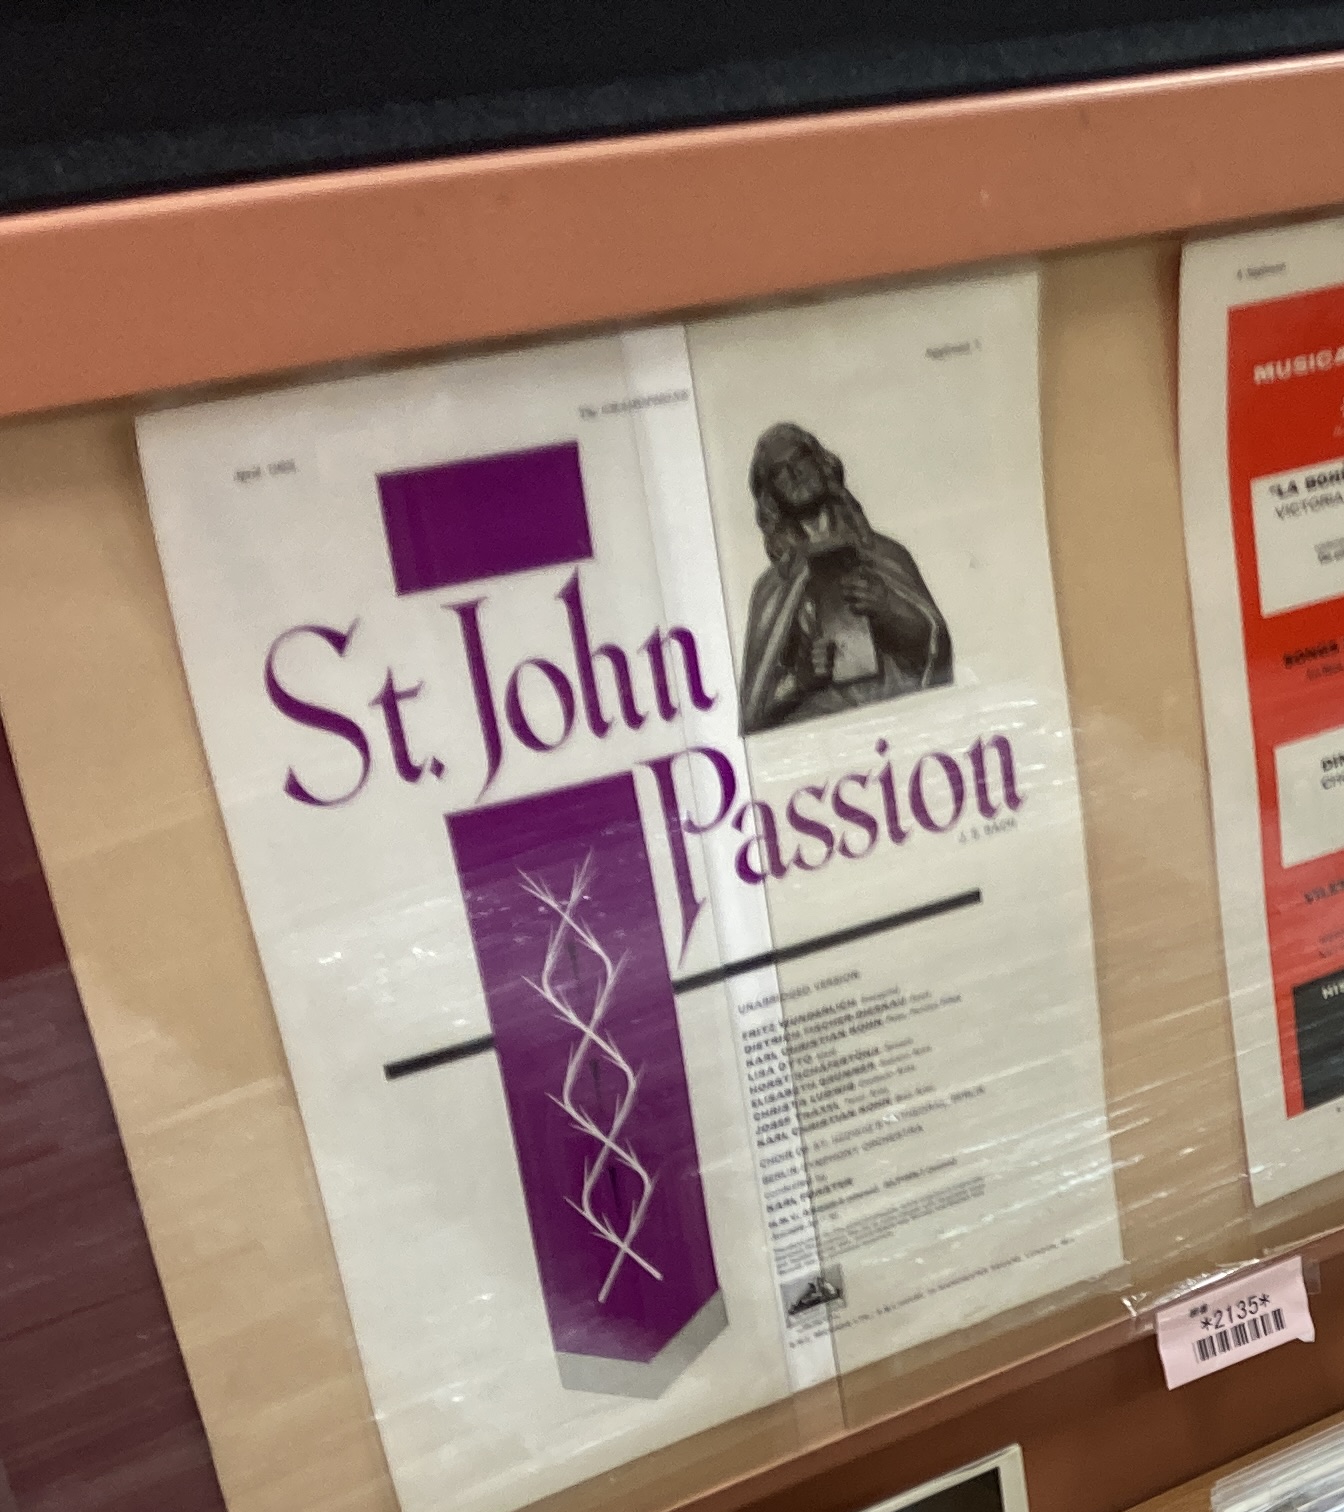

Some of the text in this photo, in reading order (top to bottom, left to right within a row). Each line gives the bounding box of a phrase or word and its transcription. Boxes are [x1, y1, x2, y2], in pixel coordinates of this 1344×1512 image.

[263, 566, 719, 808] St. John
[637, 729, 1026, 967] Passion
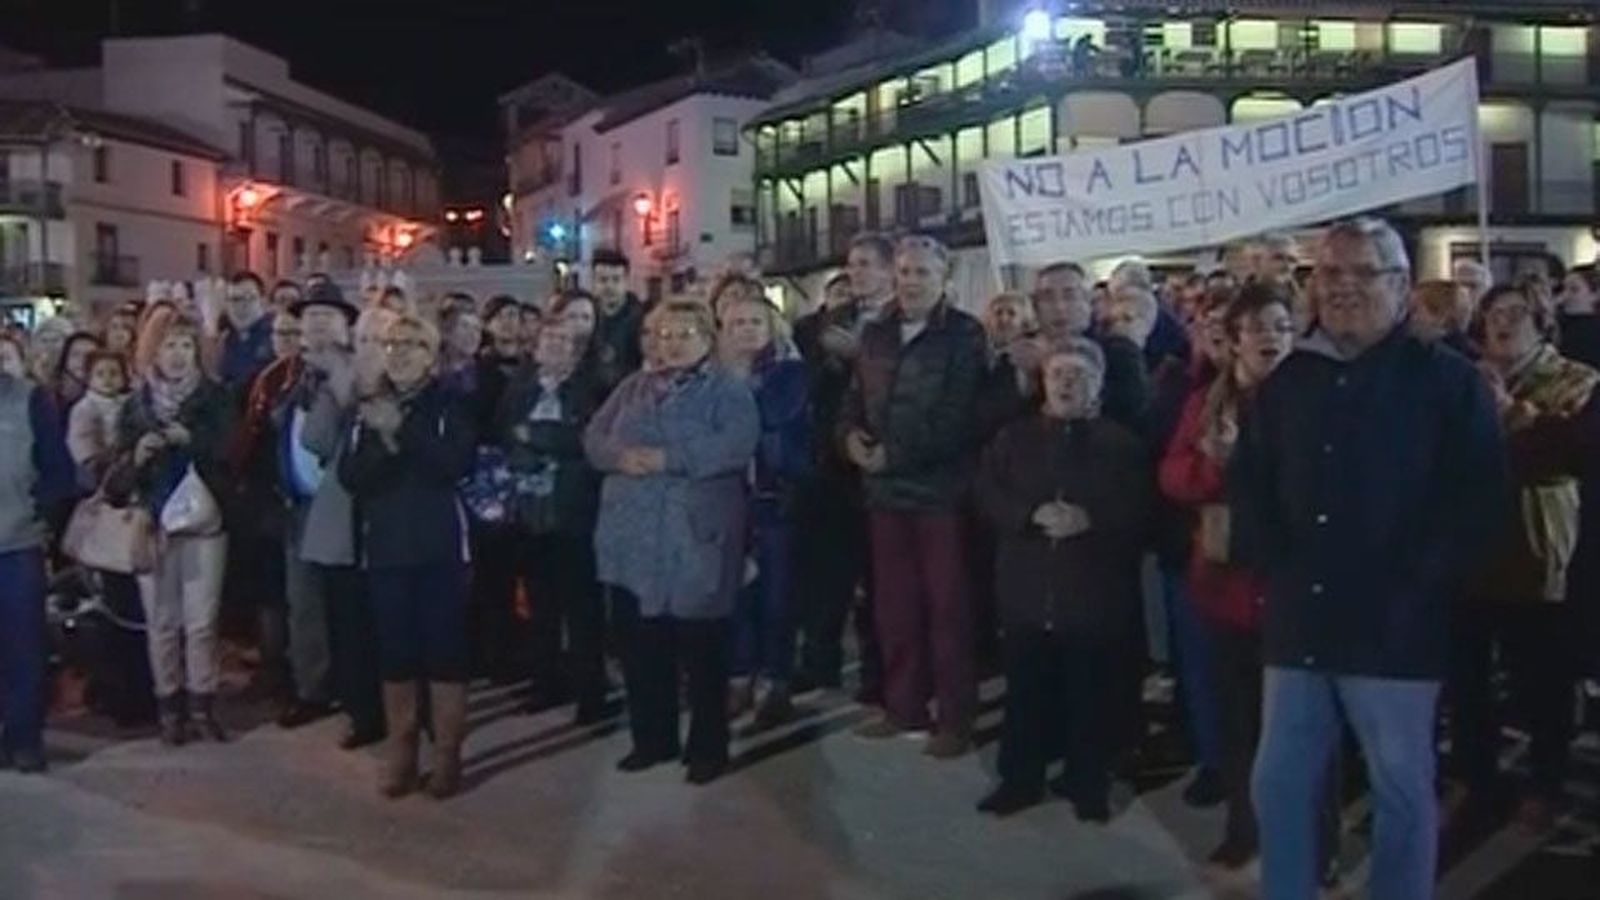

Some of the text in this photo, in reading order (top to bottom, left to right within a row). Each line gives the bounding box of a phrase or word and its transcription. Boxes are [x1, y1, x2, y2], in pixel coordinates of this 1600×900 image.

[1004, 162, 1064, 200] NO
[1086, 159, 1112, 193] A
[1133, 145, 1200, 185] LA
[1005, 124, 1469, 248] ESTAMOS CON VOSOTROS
* * *
Exercise details ->
The reply should hold every record, unchanged, and no pictures.

Task result ->
Some of the text in this photo, in reading order (top to bottom, left to right within a row). Each line gives the bounding box of a phrase or word and its transcription. Boxes are [x1, y1, x2, y2], in pixel coordinates of this 1344×1512 image.

[263, 566, 719, 808] St. John
[637, 729, 1026, 967] Passion

Some of the text in this photo, in reading order (top to bottom, left to right within a row). Each line gives the bounding box of a phrase or word and its transcription. Boxes are [x1, y1, x2, y2], in pixel coordinates of this 1600×900 image.

[1004, 162, 1064, 200] NO
[1086, 159, 1112, 193] A
[1133, 145, 1200, 185] LA
[1005, 124, 1469, 248] ESTAMOS CON VOSOTROS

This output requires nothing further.